Nidhi as the Hindi word denotes “sampatti” is a type of public company which may be incorporated with an exclusive object of cultivating the habit of thrift and savings amongst its members, deposits from, and lending to, its members only, for their mutual benefit.

 

What is a Nidhi Company?

Nidhi Company is incorporated under Section 406 of the Companies Act, 2013, read with the applicable rules, as a public company with a minimum paid-up equity share capital of Rs. 5 lakhs. Although the activities of a Nidhi company is similar to that of a non-banking financial company, as to accepting deposits and granting loans, however, they have been exempted from the purview of the RBI Act, 1934 by virtue of the “RBI Master Direction- Exemptions from the provisions of RBI Act, 1934”.

 

Statutory requirements for a Nidhi Company

Every Nidhi company shall, within a period of one year from the date of its incorporation, ensure that it has-:

  1. not less than 200 members;

 

  1. Net Owned Funds of Rs. 10 lakhs or more;

 

  1. Unencumbered term deposits of not less than 10% of the total outstanding deposits;

 

  1. Ratio of Net Owned Funds to deposits not more than 1:20;

 

  1. To allot a minimum of 10 equity shares having nominal value not less than Rs. 10 each or shares equivalent to Rs. 100.

 

 

(Note: Net Owned Funds= aggregate of paid up equity share capital + free reserves – accumulated losses and intangible assets appearing in the last audited balance sheet)
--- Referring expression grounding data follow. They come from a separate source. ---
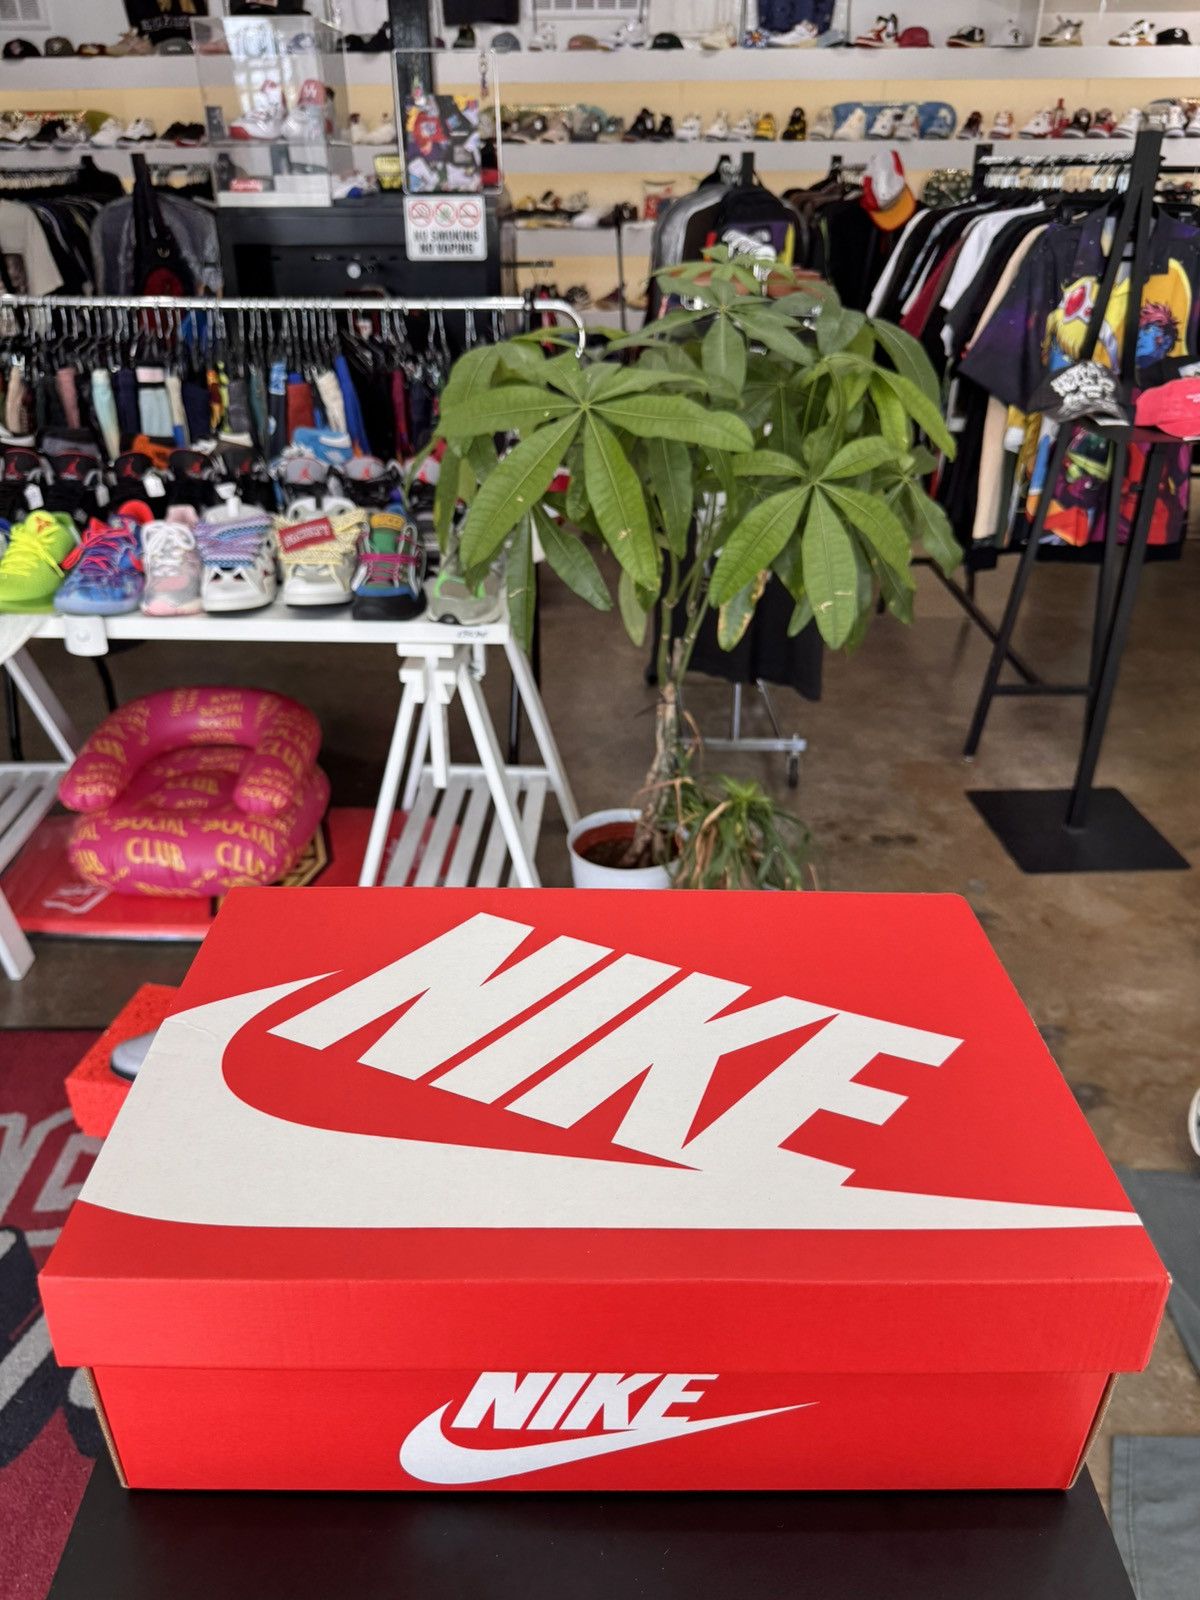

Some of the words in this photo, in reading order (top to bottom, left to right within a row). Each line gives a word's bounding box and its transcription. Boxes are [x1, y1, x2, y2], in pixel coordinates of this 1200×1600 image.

[431, 230, 479, 242] SMOKING
[436, 243, 474, 255] VAPING
[125, 836, 187, 873] CLUB
[266, 912, 965, 1188] NIKE
[451, 1371, 720, 1431] NIKE
Operational requirements for a Nidhi Company

As mentioned above, the objective of a Nidhi company is to take deposits and provide loans to its members. The Ministry of Corporate Affairs (“MCA”) being the regulator of Nidhi companies has regulated the norms for taking deposits and providing loans which are as follows:

  1. Deposits

A Nidhi Company shall not accept deposits exceeding twenty times of its Net Owned Funds (NOF) as per its last audited financial statements.

The Nidhi Company is allowed to accept deposits with the following timelines:

Savings deposit- There is no time limit

Fixed deposits- 6 to 60 months

Recurring deposits- 12-60 months

Recurring deposits relating to mortgage loans- Maximum period shall correspond to the repayment period of loans granted.
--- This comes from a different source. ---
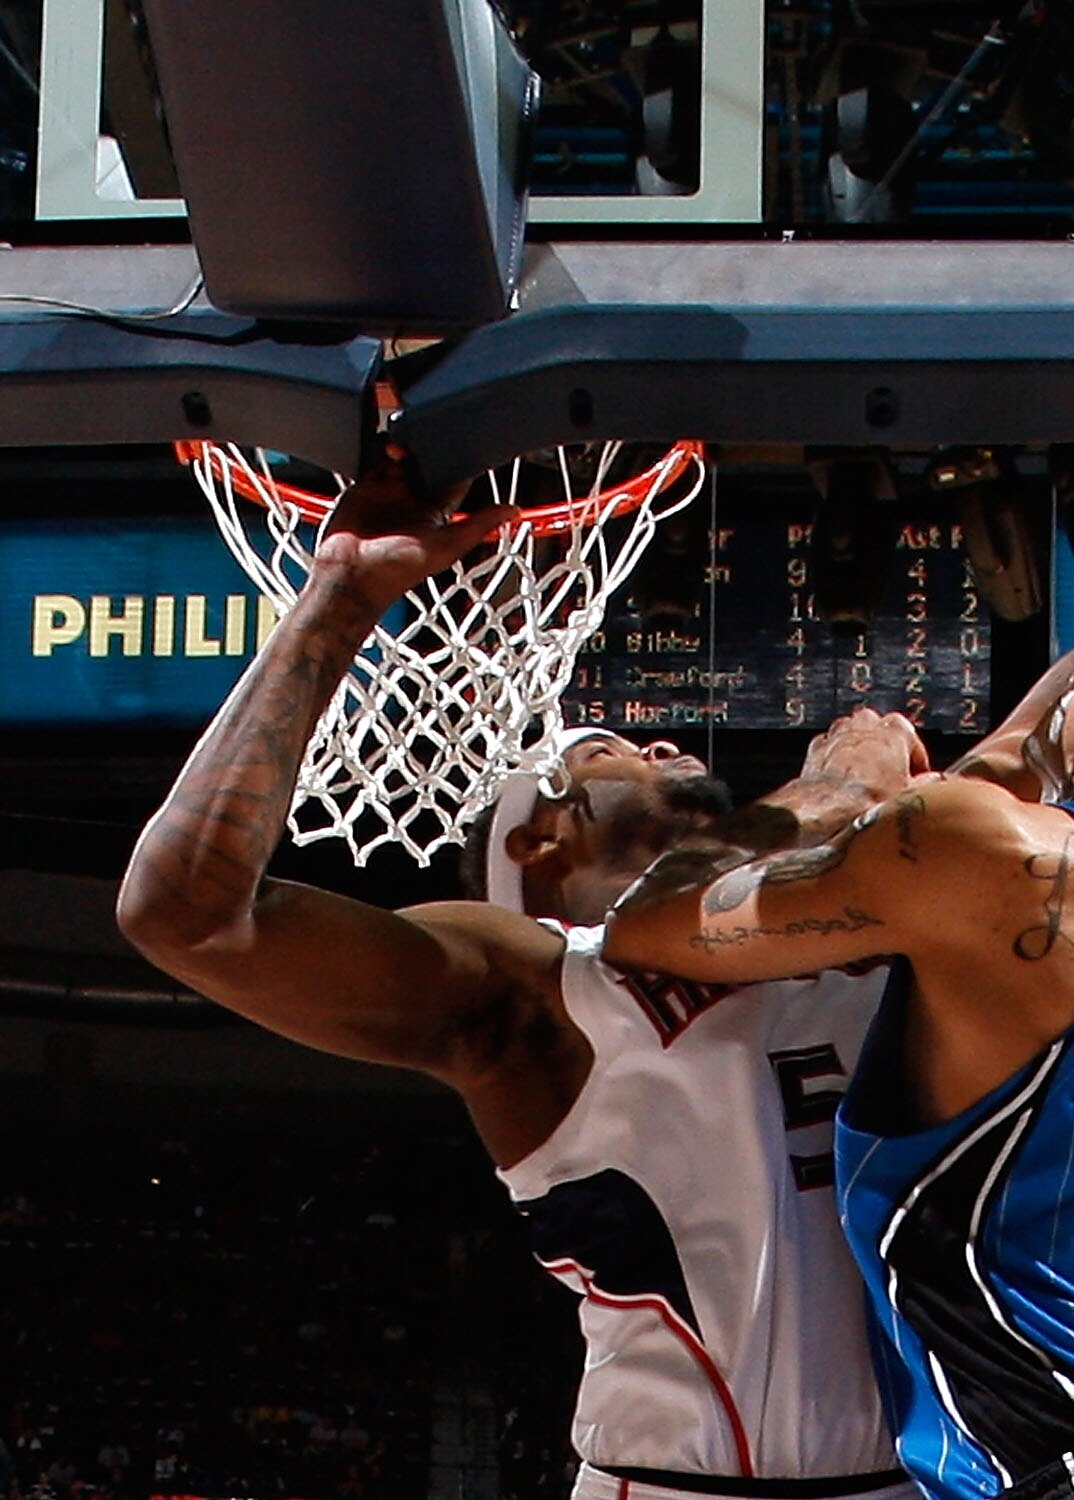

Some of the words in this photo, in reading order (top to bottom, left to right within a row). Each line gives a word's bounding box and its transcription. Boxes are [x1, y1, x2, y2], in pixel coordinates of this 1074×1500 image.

[787, 557, 808, 587] 9
[907, 557, 928, 588] 4
[960, 592, 980, 624] 2
[960, 699, 980, 728] 2
Interest rate on deposits:

Savings Account- Maximum 2% above the rate allowed by nationalized banks, but maximum balance in a savings deposit account at any given time qualifying for interest shall not exceed Rs. 1 lakh.

Fixed and Recurring deposits- Maximum rate of interest a NBFC can pay on its public deposits as prescribed by the RBI.

 

  1. Loans

A Nidhi shall provide loans only to its members.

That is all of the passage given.